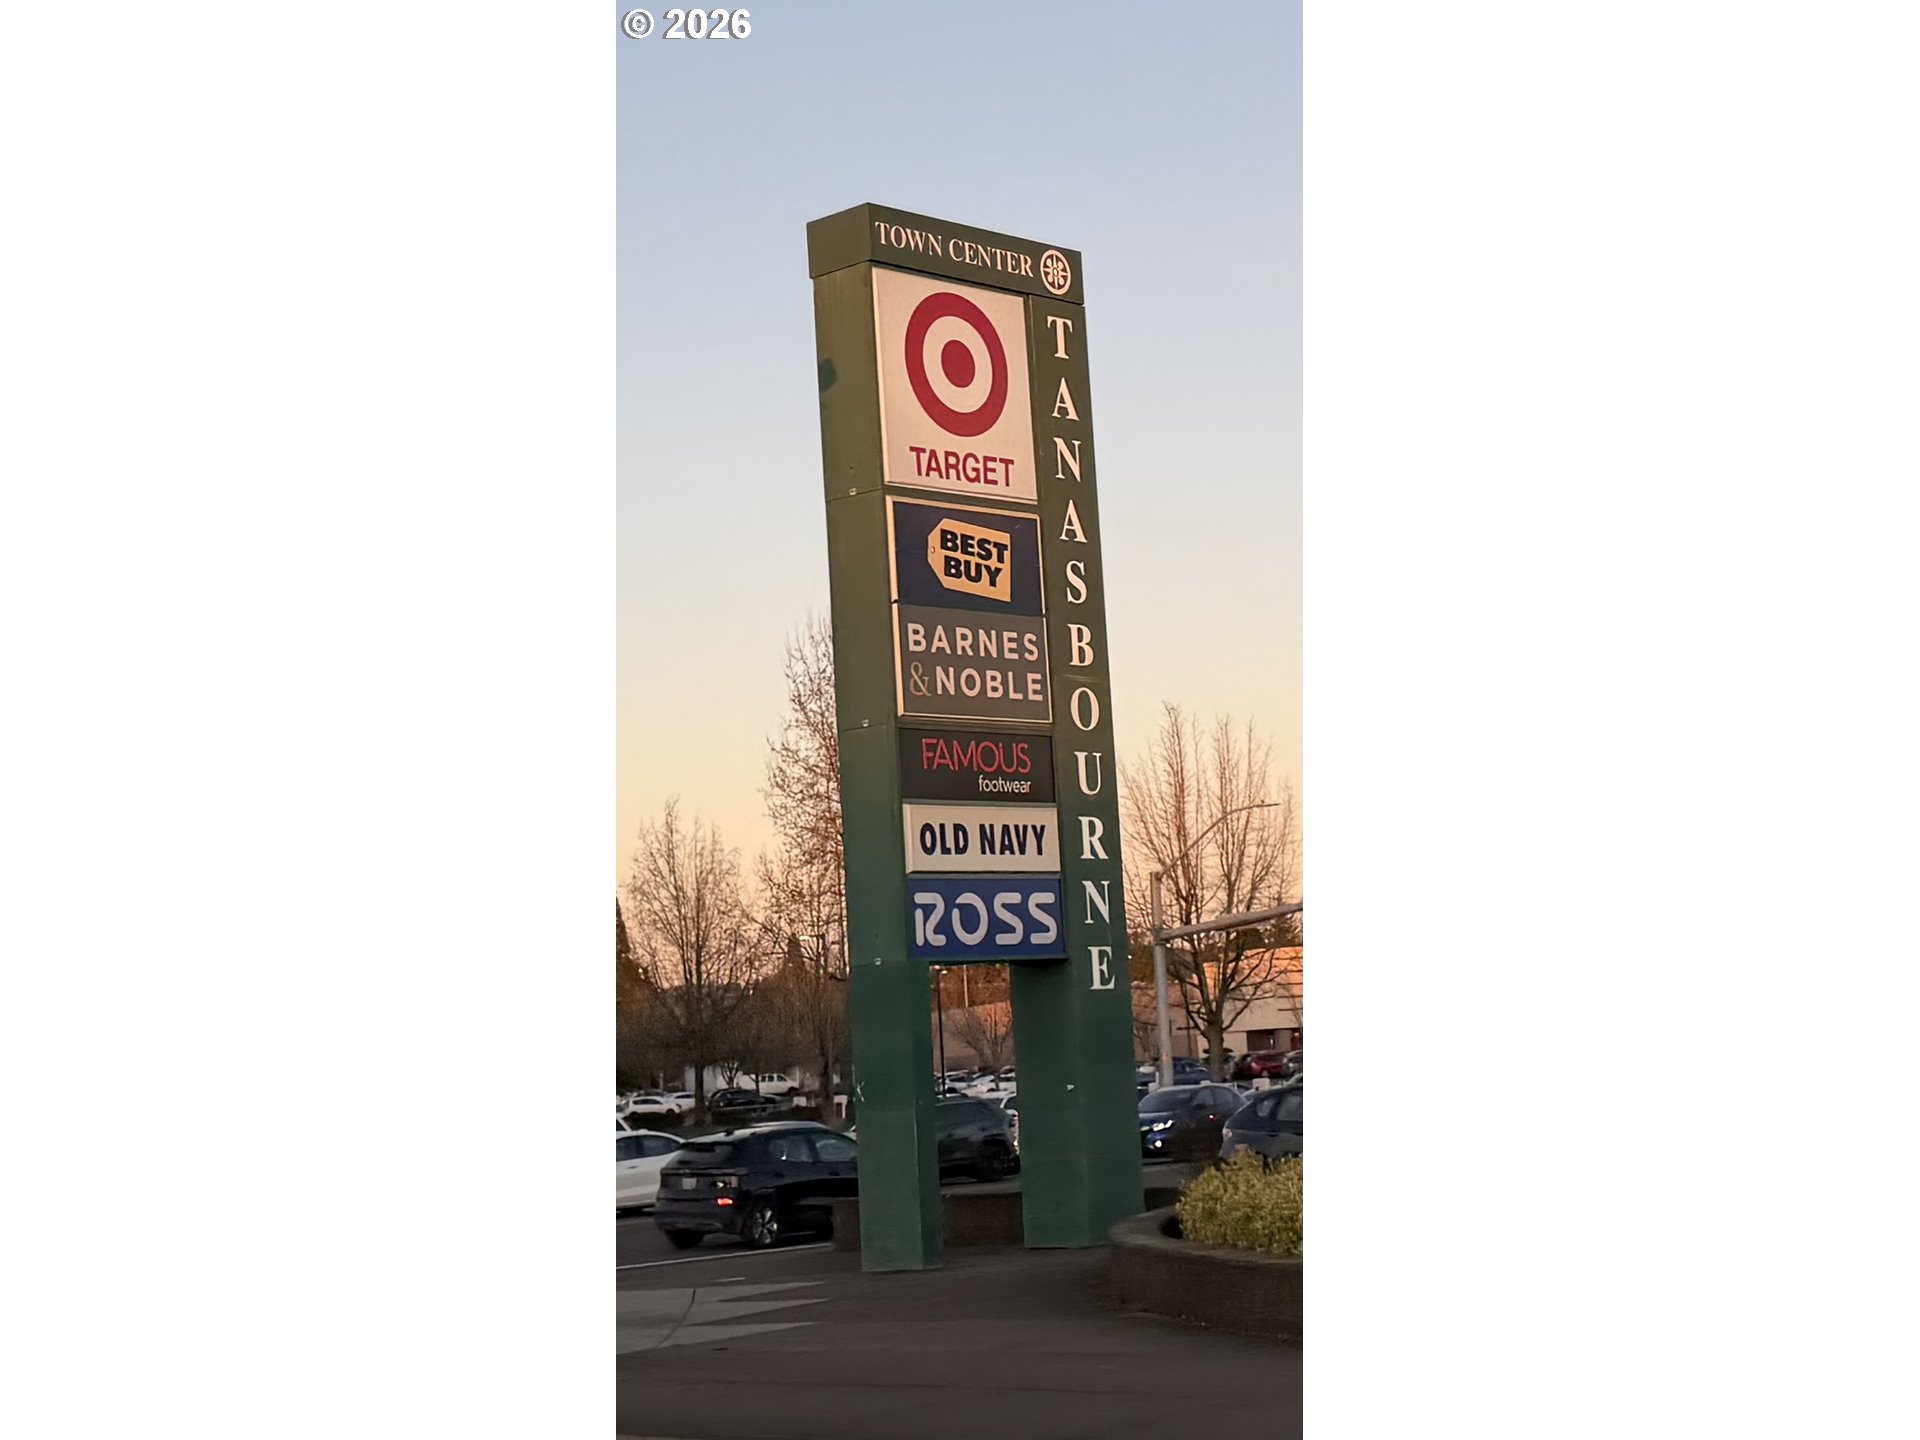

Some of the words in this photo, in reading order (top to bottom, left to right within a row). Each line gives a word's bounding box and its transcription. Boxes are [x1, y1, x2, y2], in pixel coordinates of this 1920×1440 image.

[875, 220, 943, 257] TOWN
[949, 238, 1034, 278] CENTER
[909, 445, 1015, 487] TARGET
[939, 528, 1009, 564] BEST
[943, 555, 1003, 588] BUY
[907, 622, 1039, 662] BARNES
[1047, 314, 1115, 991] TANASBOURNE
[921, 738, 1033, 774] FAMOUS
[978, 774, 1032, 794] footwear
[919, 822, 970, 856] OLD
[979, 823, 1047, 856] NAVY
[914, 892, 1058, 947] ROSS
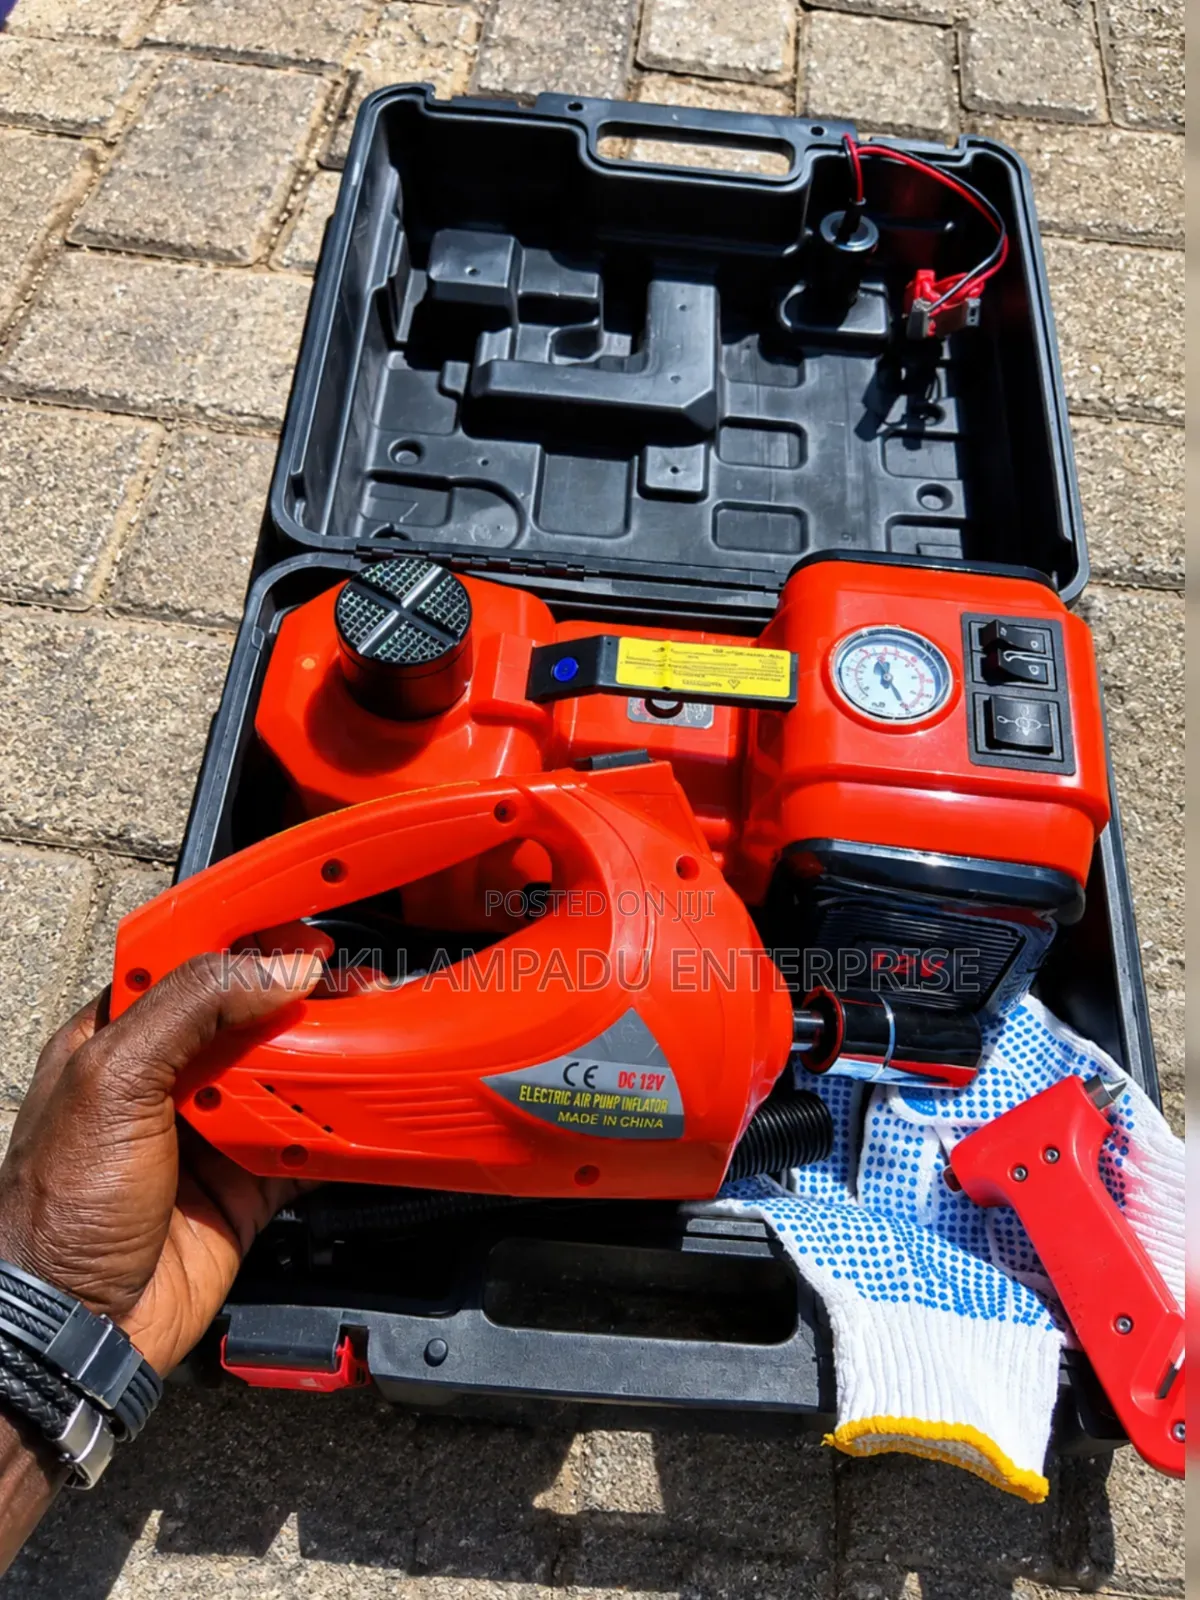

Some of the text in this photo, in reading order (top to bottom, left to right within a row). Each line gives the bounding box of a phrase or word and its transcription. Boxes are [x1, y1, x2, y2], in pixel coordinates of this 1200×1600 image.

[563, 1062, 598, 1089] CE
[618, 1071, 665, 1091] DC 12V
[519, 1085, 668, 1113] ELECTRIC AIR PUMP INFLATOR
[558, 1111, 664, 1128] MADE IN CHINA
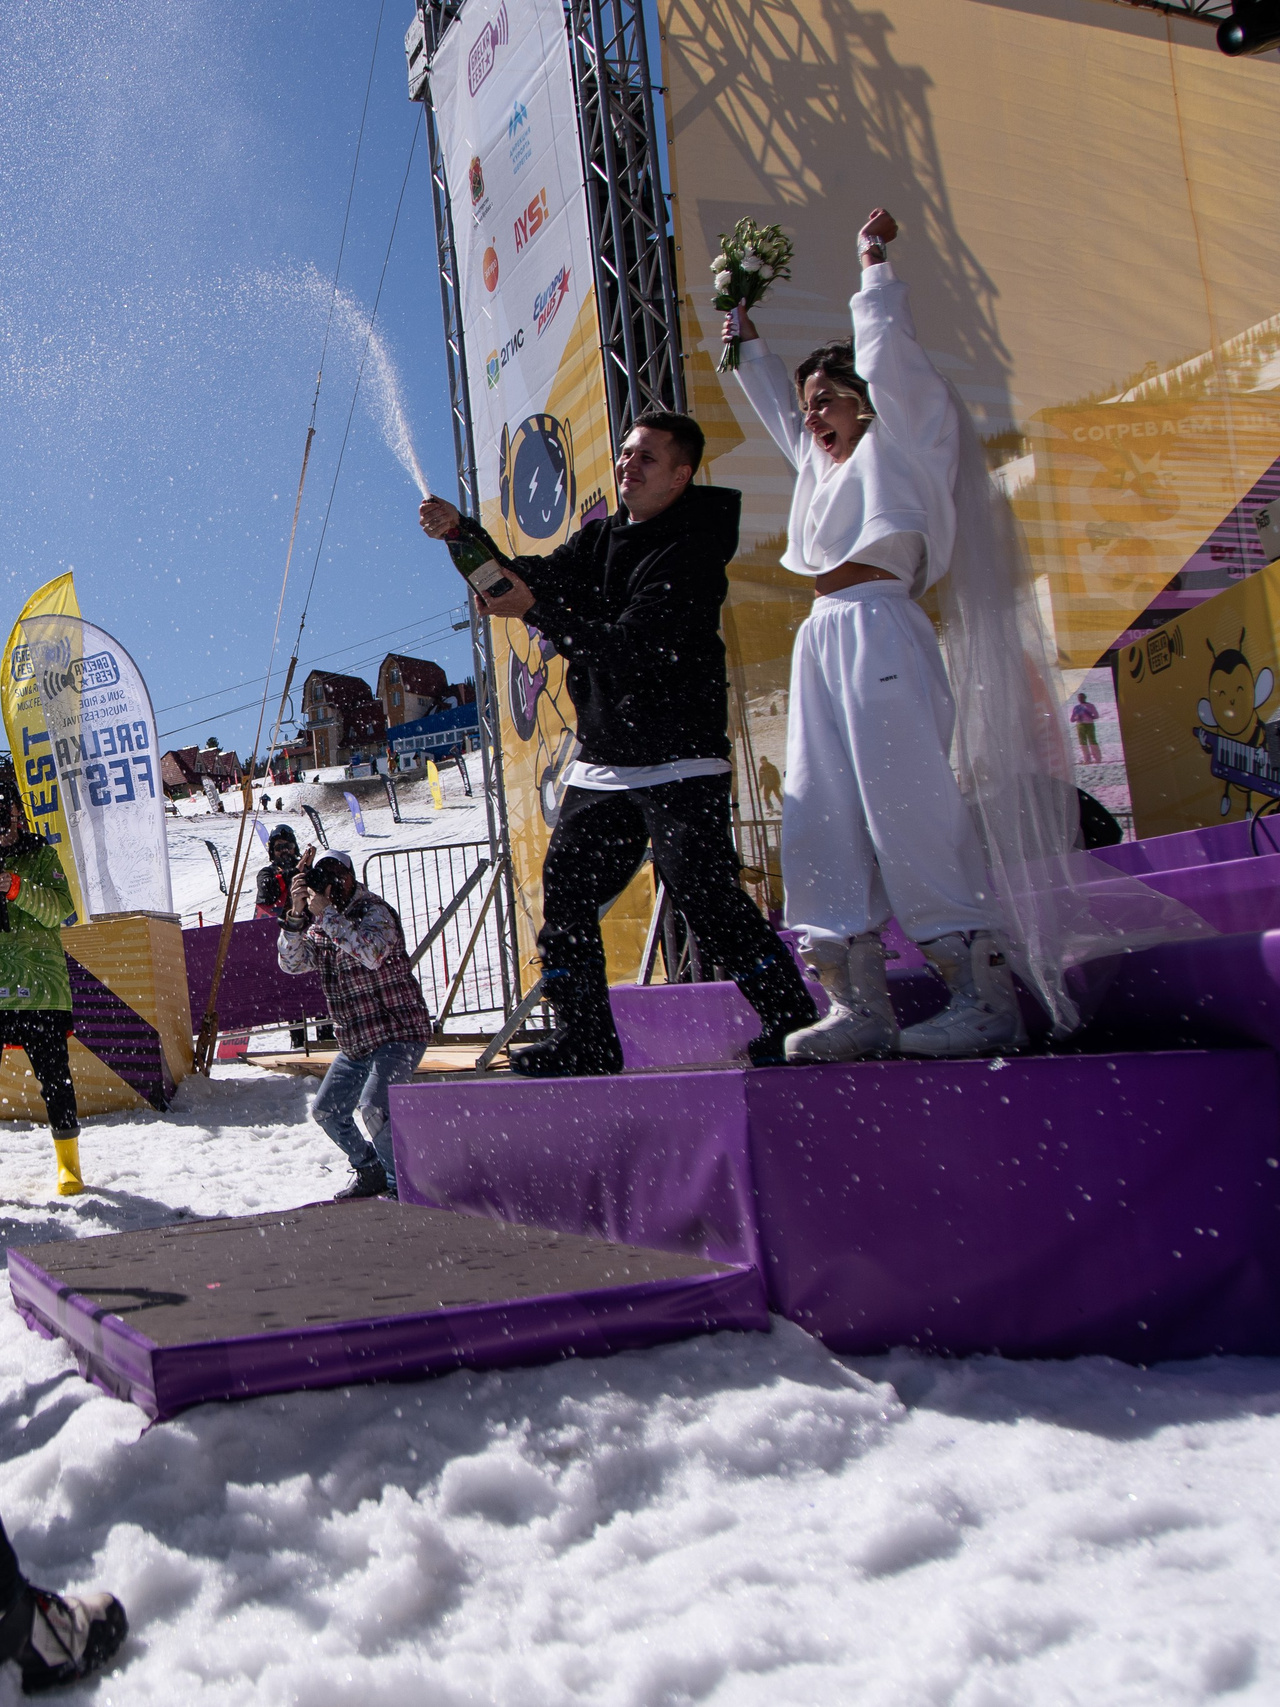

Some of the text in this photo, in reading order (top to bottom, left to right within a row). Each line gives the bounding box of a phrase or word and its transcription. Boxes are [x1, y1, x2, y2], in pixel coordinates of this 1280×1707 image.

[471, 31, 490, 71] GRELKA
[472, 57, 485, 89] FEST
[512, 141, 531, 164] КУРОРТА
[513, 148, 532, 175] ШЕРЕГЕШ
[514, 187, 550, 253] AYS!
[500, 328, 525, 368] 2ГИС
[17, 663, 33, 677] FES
+++
- _Exercise requirements_:
Reproduce the material word for word. Skip every picture it holds.

- _Task answer_:
Some of the words in this photo, in reading order (top to bottom, left to right within a row). Each line gives a word's bounding box and its transcription. Boxes are [x1, y1, x2, y2], in pixel coordinates of this 1920×1440 image.

[875, 220, 943, 257] TOWN
[949, 238, 1034, 278] CENTER
[909, 445, 1015, 487] TARGET
[939, 528, 1009, 564] BEST
[943, 555, 1003, 588] BUY
[907, 622, 1039, 662] BARNES
[1047, 314, 1115, 991] TANASBOURNE
[921, 738, 1033, 774] FAMOUS
[978, 774, 1032, 794] footwear
[919, 822, 970, 856] OLD
[979, 823, 1047, 856] NAVY
[914, 892, 1058, 947] ROSS

Some of the text in this photo, in reading order (top to bottom, left to right within a row). Each line gives the bounding box of a phrase or word and its transcription. Boxes are [x1, y1, x2, y2], in pixel coordinates of this 1200×1600 image.

[563, 1062, 598, 1089] CE
[618, 1071, 665, 1091] DC 12V
[519, 1085, 668, 1113] ELECTRIC AIR PUMP INFLATOR
[558, 1111, 664, 1128] MADE IN CHINA

Some of the text in this photo, in reading order (top to bottom, left to right within a row). Each line gives the bounding box of a phrase or word and its transcription. Boxes are [x1, y1, x2, y2], in pixel coordinates of this 1280×1707 image.

[471, 31, 490, 71] GRELKA
[472, 57, 485, 89] FEST
[512, 141, 531, 164] КУРОРТА
[513, 148, 532, 175] ШЕРЕГЕШ
[514, 187, 550, 253] AYS!
[500, 328, 525, 368] 2ГИС
[17, 663, 33, 677] FES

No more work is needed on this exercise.